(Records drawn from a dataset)
□ □ □ □ □

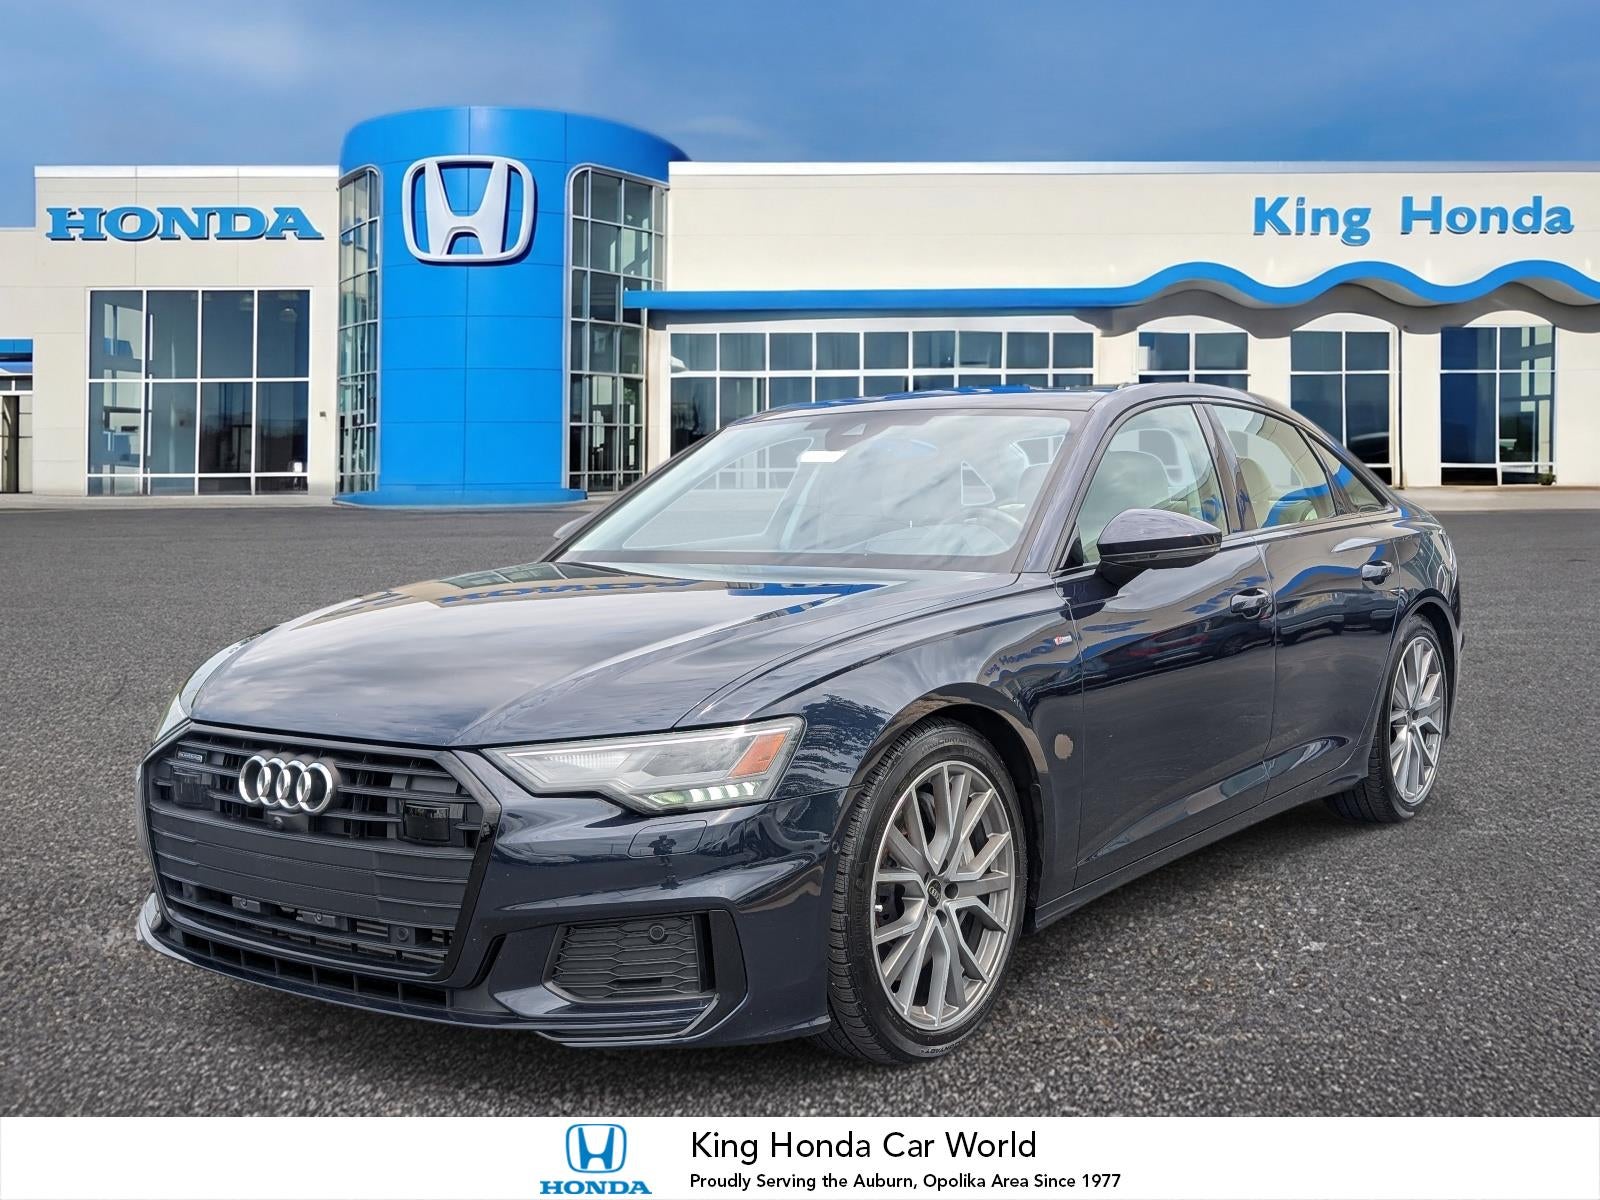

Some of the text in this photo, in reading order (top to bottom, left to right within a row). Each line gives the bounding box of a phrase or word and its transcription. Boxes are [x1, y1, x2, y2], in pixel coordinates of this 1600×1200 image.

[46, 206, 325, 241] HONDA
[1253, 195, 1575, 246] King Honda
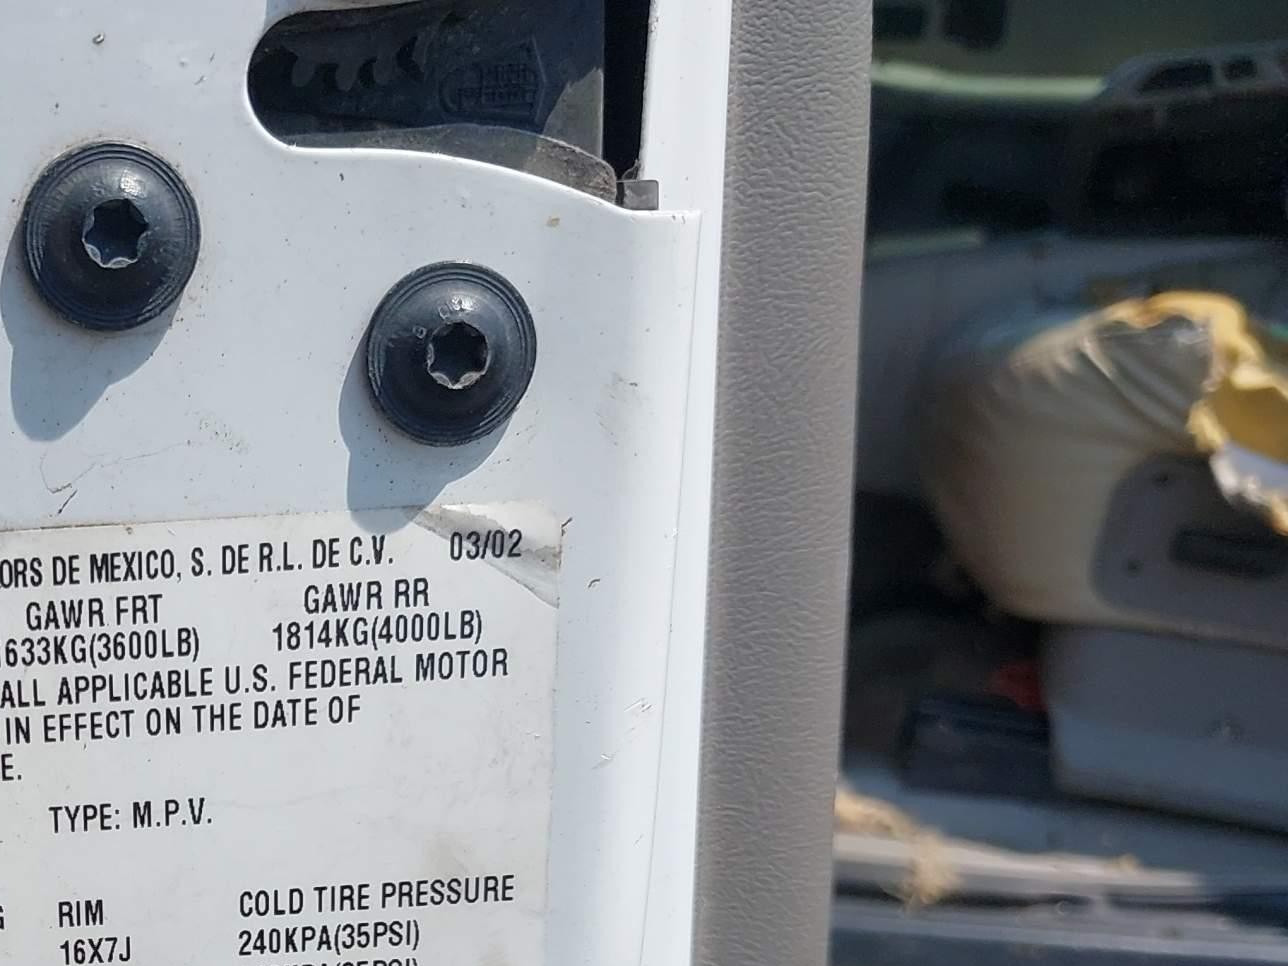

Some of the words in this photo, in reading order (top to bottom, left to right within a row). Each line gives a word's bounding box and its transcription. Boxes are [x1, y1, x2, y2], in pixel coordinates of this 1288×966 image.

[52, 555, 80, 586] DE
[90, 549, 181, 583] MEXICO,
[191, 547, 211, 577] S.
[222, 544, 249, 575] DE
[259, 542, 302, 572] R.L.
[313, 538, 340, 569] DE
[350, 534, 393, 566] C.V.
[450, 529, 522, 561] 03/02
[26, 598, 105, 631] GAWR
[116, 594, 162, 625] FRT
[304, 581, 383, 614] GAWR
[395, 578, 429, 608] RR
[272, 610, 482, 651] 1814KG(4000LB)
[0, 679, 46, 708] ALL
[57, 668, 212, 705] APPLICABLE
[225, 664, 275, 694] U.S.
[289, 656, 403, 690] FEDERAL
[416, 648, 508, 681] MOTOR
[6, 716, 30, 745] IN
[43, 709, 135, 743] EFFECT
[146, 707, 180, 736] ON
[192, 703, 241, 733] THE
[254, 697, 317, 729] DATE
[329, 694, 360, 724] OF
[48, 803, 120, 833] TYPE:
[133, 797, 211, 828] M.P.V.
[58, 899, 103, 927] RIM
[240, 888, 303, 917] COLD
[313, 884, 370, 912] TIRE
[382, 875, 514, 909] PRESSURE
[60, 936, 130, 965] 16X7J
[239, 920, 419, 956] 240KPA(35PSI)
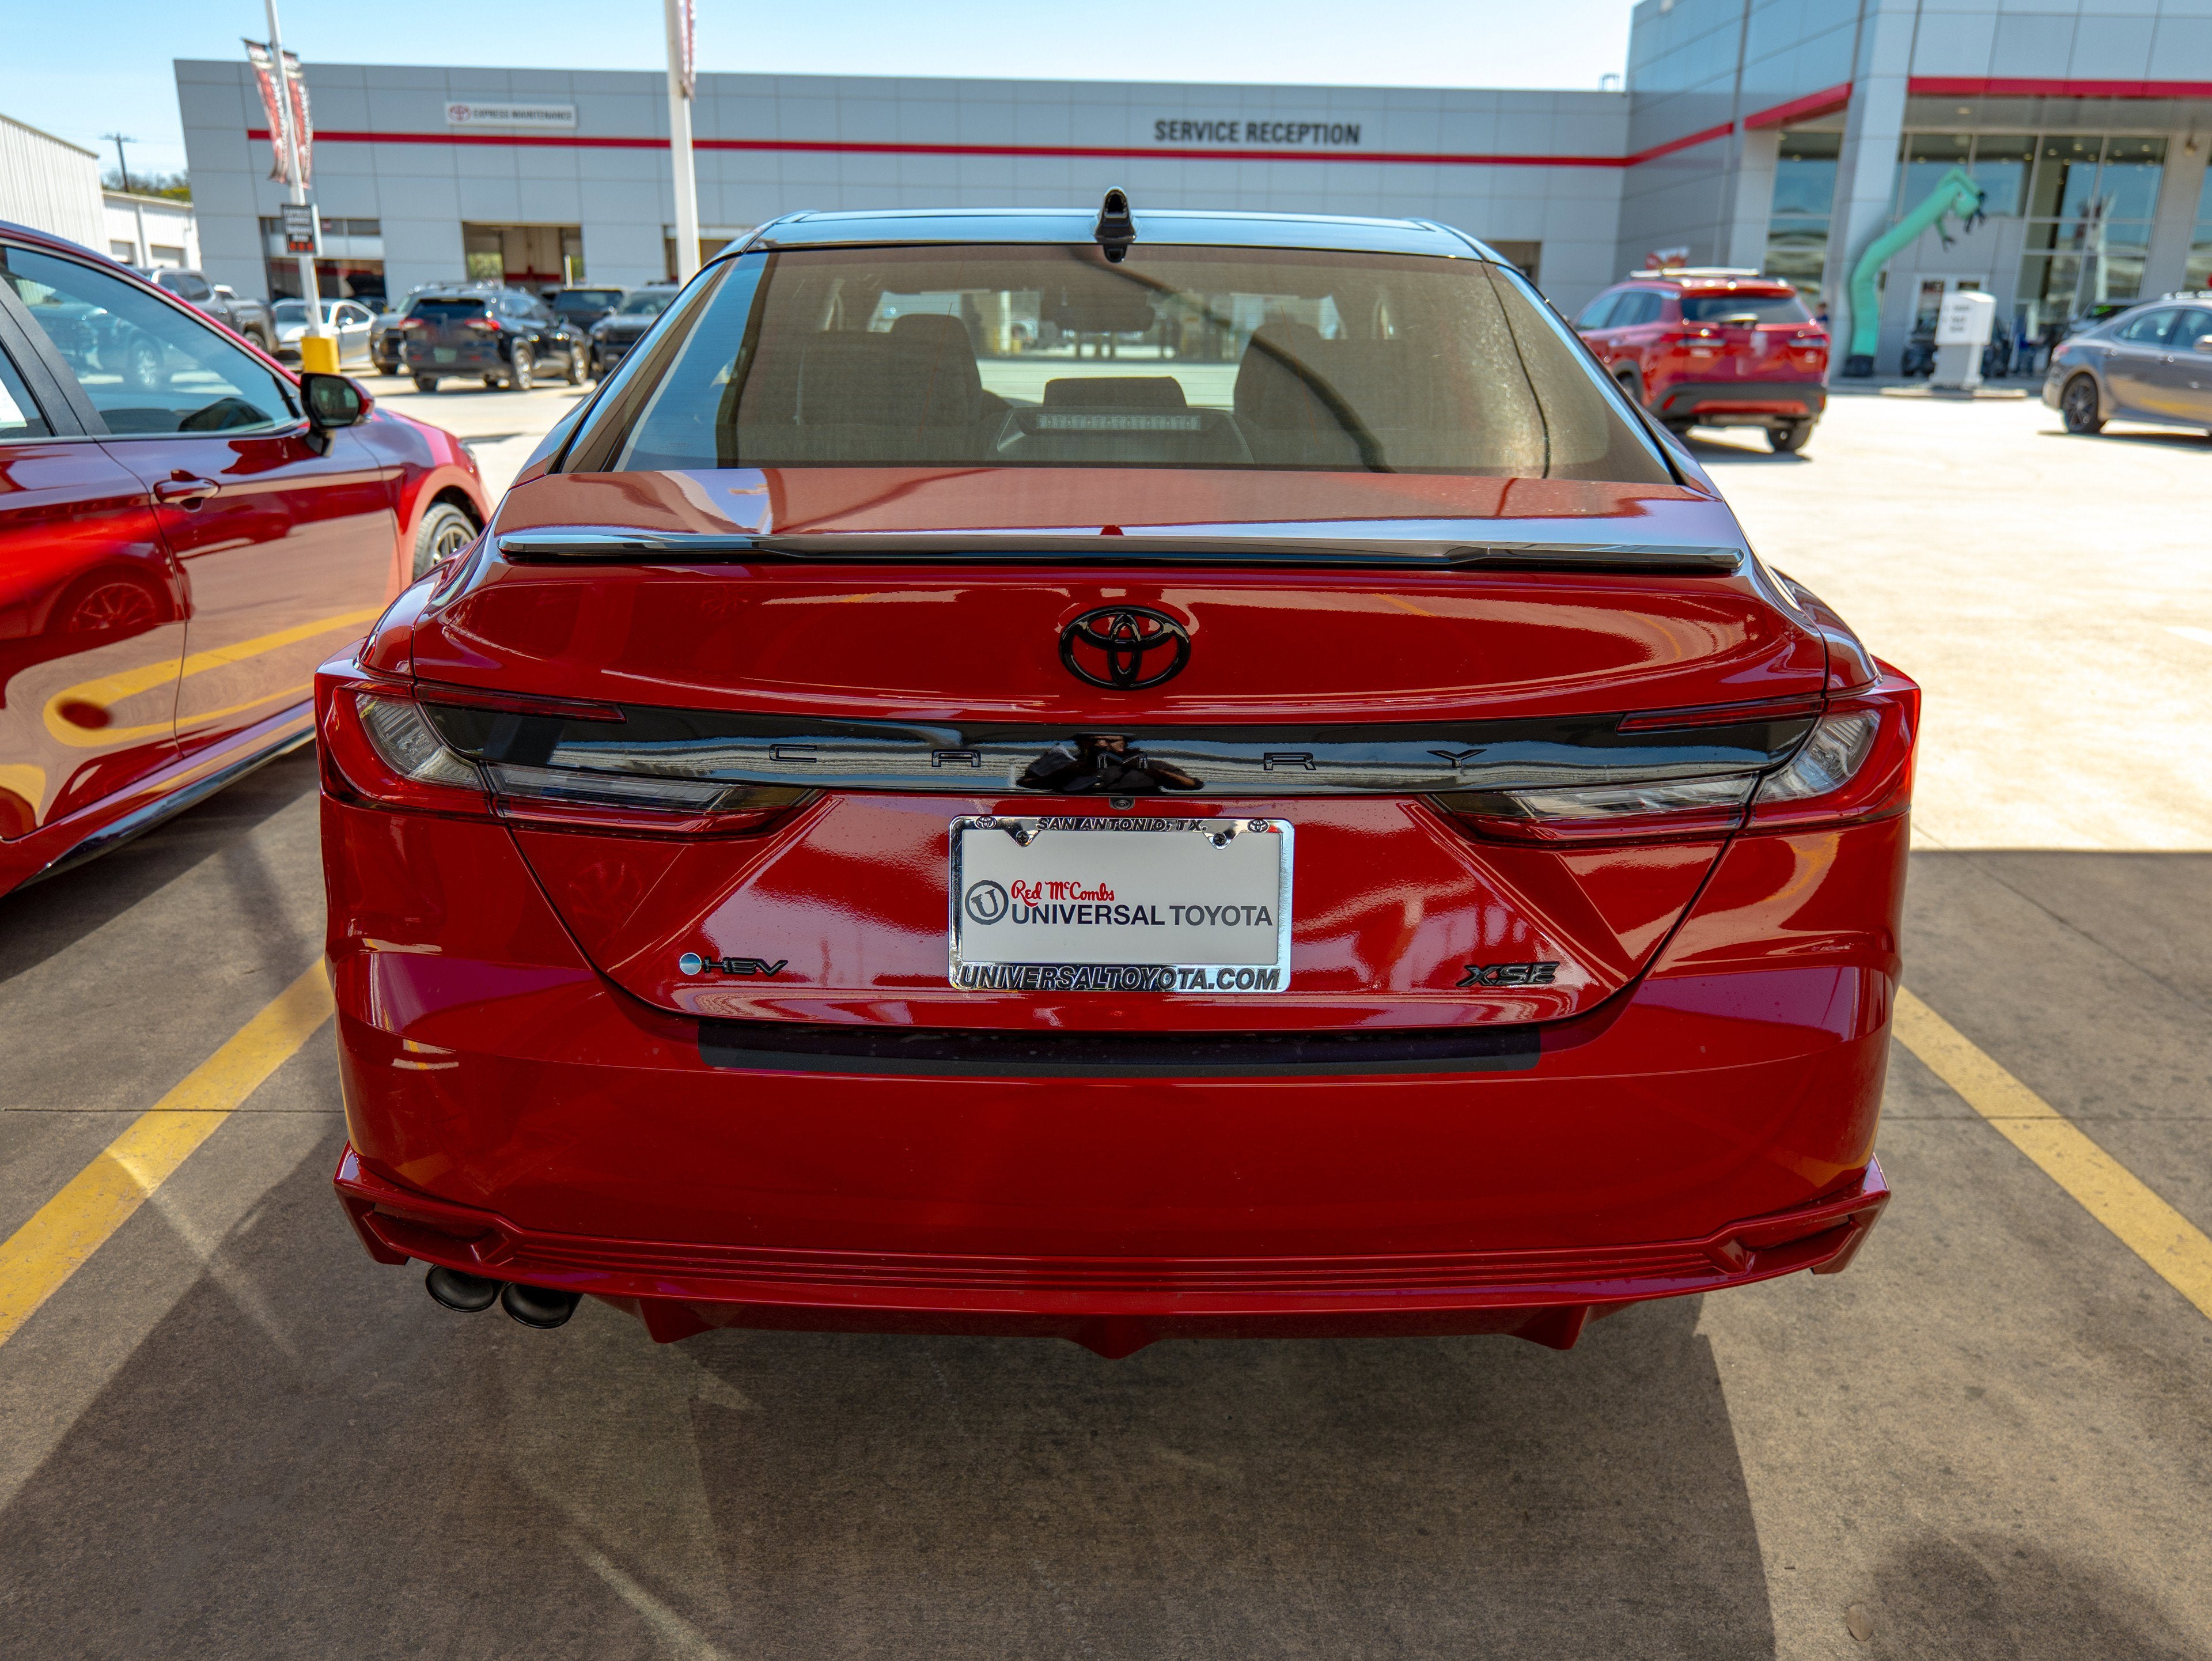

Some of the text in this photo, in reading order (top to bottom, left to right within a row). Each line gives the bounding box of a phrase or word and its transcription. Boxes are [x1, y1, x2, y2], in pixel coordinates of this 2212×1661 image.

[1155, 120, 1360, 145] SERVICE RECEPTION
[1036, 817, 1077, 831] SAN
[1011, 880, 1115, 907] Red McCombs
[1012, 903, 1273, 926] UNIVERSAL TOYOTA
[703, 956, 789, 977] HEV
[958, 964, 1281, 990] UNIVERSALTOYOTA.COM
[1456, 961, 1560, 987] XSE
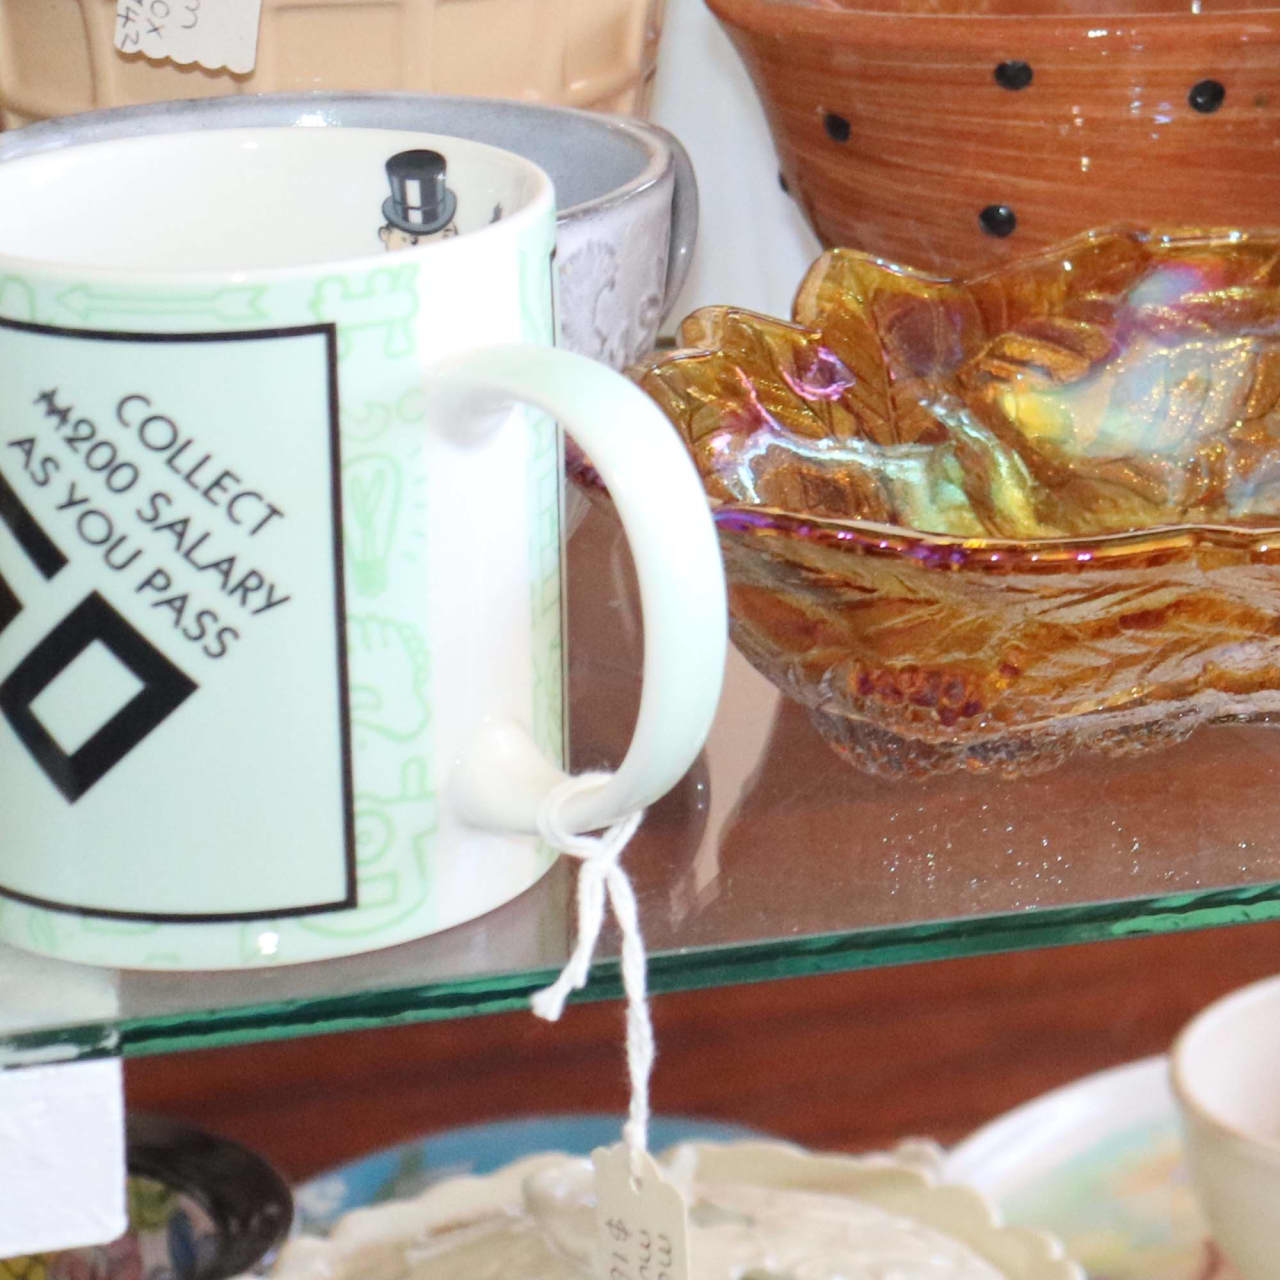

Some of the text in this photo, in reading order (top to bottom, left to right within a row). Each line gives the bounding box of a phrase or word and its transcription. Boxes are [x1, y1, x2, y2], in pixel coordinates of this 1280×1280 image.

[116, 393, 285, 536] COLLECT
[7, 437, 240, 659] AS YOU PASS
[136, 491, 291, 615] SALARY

□ □ □ □ □

- _Goal of the exercise_: What the answer must hold: all the data above, given again exactly, without pictures.

- _Exercise output_:
Some of the text in this photo, in reading order (top to bottom, left to right within a row). Each line gives the bounding box of a phrase or word and its transcription. Boxes are [x1, y1, x2, y2], in pixel coordinates of this 1600×1200 image.

[46, 206, 325, 241] HONDA
[1253, 195, 1575, 246] King Honda

Some of the words in this photo, in reading order (top to bottom, left to right within a row). Each line gives a word's bounding box and its transcription. Boxes are [x1, y1, x2, y2], in pixel coordinates of this 1288×966 image.

[52, 555, 80, 586] DE
[90, 549, 181, 583] MEXICO,
[191, 547, 211, 577] S.
[222, 544, 249, 575] DE
[259, 542, 302, 572] R.L.
[313, 538, 340, 569] DE
[350, 534, 393, 566] C.V.
[450, 529, 522, 561] 03/02
[26, 598, 105, 631] GAWR
[116, 594, 162, 625] FRT
[304, 581, 383, 614] GAWR
[395, 578, 429, 608] RR
[272, 610, 482, 651] 1814KG(4000LB)
[0, 679, 46, 708] ALL
[57, 668, 212, 705] APPLICABLE
[225, 664, 275, 694] U.S.
[289, 656, 403, 690] FEDERAL
[416, 648, 508, 681] MOTOR
[6, 716, 30, 745] IN
[43, 709, 135, 743] EFFECT
[146, 707, 180, 736] ON
[192, 703, 241, 733] THE
[254, 697, 317, 729] DATE
[329, 694, 360, 724] OF
[48, 803, 120, 833] TYPE:
[133, 797, 211, 828] M.P.V.
[58, 899, 103, 927] RIM
[240, 888, 303, 917] COLD
[313, 884, 370, 912] TIRE
[382, 875, 514, 909] PRESSURE
[60, 936, 130, 965] 16X7J
[239, 920, 419, 956] 240KPA(35PSI)

Some of the text in this photo, in reading order (top to bottom, left to right within a row). Each line gives the bounding box of a phrase or word and its transcription. Boxes are [x1, y1, x2, y2], in pixel coordinates of this 2212×1661 image.

[1155, 120, 1360, 145] SERVICE RECEPTION
[1036, 817, 1077, 831] SAN
[1011, 880, 1115, 907] Red McCombs
[1012, 903, 1273, 926] UNIVERSAL TOYOTA
[703, 956, 789, 977] HEV
[958, 964, 1281, 990] UNIVERSALTOYOTA.COM
[1456, 961, 1560, 987] XSE

Some of the text in this photo, in reading order (top to bottom, left to right within a row). Each line gives the bounding box of a phrase or word and its transcription. Boxes are [x1, y1, x2, y2], in pixel coordinates of this 1280×1280 image.

[116, 393, 285, 536] COLLECT
[7, 437, 240, 659] AS YOU PASS
[136, 491, 291, 615] SALARY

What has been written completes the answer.